Aliases for MEGF10 Gene
External Ids for MEGF10 Gene
Previous GeneCards Identifiers for MEGF10 Gene
This gene encodes a member of the multiple epidermal growth factor-like domains protein family. The encoded protein plays a role in cell adhesion, motility and proliferation, and is a critical mediator of apoptotic cell phagocytosis as well as amyloid-beta peptide uptake in the brain. Expression of this gene may be associated with schizophrenia, and mutations in this gene are a cause of early-onset myopathy, areflexia, respiratory distress, and dysphagia (EMARDD) as well as congenital myopathy with minicores. Alternatively spliced transcript variants have been observed for this gene. [provided by RefSeq, Apr 2012]
GeneCards Summary for MEGF10 Gene
MEGF10 (Multiple EGF Like Domains 10) is a Protein Coding gene. Diseases associated with MEGF10 include Myopathy, Areflexia, Respiratory Distress, And Dysphagia, Early-Onset and Dysphagia. Gene Ontology (GO) annotations related to this gene include endopeptidase inhibitor activity. An important paralog of this gene is MEGF11.

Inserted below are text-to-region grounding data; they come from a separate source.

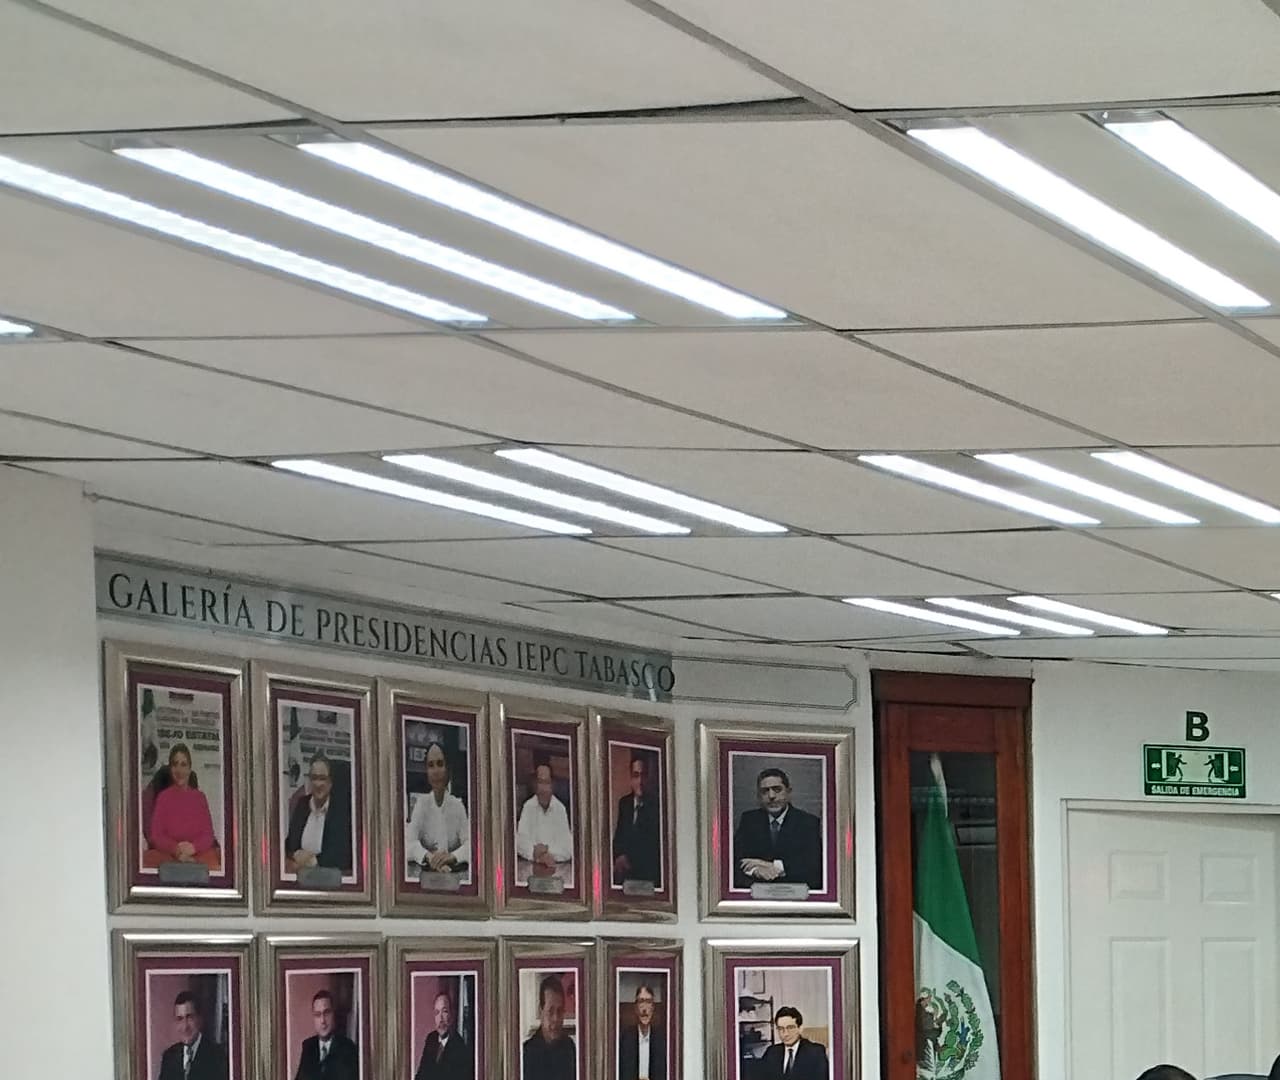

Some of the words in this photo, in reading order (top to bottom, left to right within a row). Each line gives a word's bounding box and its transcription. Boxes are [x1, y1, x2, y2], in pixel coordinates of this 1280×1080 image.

[108, 573, 255, 630] GALERÍA
[266, 600, 305, 638] DE
[316, 608, 508, 668] PRESIDENCIAS
[517, 641, 569, 676] IEPC
[574, 651, 676, 692] TABASCO
[1186, 711, 1210, 741] B

UniProtKB/Swiss-Prot Summary for MEGF10 Gene
Membrane receptor involved in phagocytosis by macrophages and astrocytes of apoptotic cells. Receptor for C1q, an eat-me signal, that binds phosphatidylserine expressed on the surface of apoptotic cells (PubMed:27170117). Cooperates with ABCA1 within the process of engulfment. Promotes the formation of large intracellular vacuoles and may be responsible for the uptake of amyloid-beta peptides (PubMed:20828568, PubMed:17643423). Necessary for astrocyte-dependent apoptotic neuron clearance in the developing cerebellum (PubMed:27170117). Plays role in muscle cell proliferation, adhesion and motility. Is also an essential factor in the regulation of myogenesis. Controls the balance between skeletal muscle satellite cells proliferation and differentiation through regulation of the notch signaling pathway (PubMed:28498977, Ref.14). May also function in the mosaic spacing of specific neuron subtypes in the retina through homotypic retinal neuron repulsion. Mosaics provide a mechanism to distribute each cell type evenly across the retina, ensuring that all parts of the visual field have access to a full set of processing elements (PubMed:17498693, PubMed:17643423, PubMed:20828568, PubMed:22101682, PubMed:27170117, PubMed:28498977).